- WHAT YOU NEED TO DO -
Whatever the records below say, write them all out exactly.

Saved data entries
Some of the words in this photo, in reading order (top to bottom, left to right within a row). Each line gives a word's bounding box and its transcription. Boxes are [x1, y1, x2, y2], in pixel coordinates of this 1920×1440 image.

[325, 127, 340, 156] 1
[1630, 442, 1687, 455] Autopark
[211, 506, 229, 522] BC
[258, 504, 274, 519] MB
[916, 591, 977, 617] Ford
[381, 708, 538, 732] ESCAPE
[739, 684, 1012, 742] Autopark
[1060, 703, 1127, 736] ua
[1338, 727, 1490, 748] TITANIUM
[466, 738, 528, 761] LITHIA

- TASK SOLUTION -
Some of the words in this photo, in reading order (top to bottom, left to right within a row). Each line gives a word's bounding box and its transcription. Boxes are [x1, y1, x2, y2], in pixel coordinates of this 1920×1440 image.

[325, 127, 340, 156] 1
[1630, 442, 1687, 455] Autopark
[211, 506, 229, 522] BC
[258, 504, 274, 519] MB
[916, 591, 977, 617] Ford
[381, 708, 538, 732] ESCAPE
[739, 684, 1012, 742] Autopark
[1060, 703, 1127, 736] ua
[1338, 727, 1490, 748] TITANIUM
[466, 738, 528, 761] LITHIA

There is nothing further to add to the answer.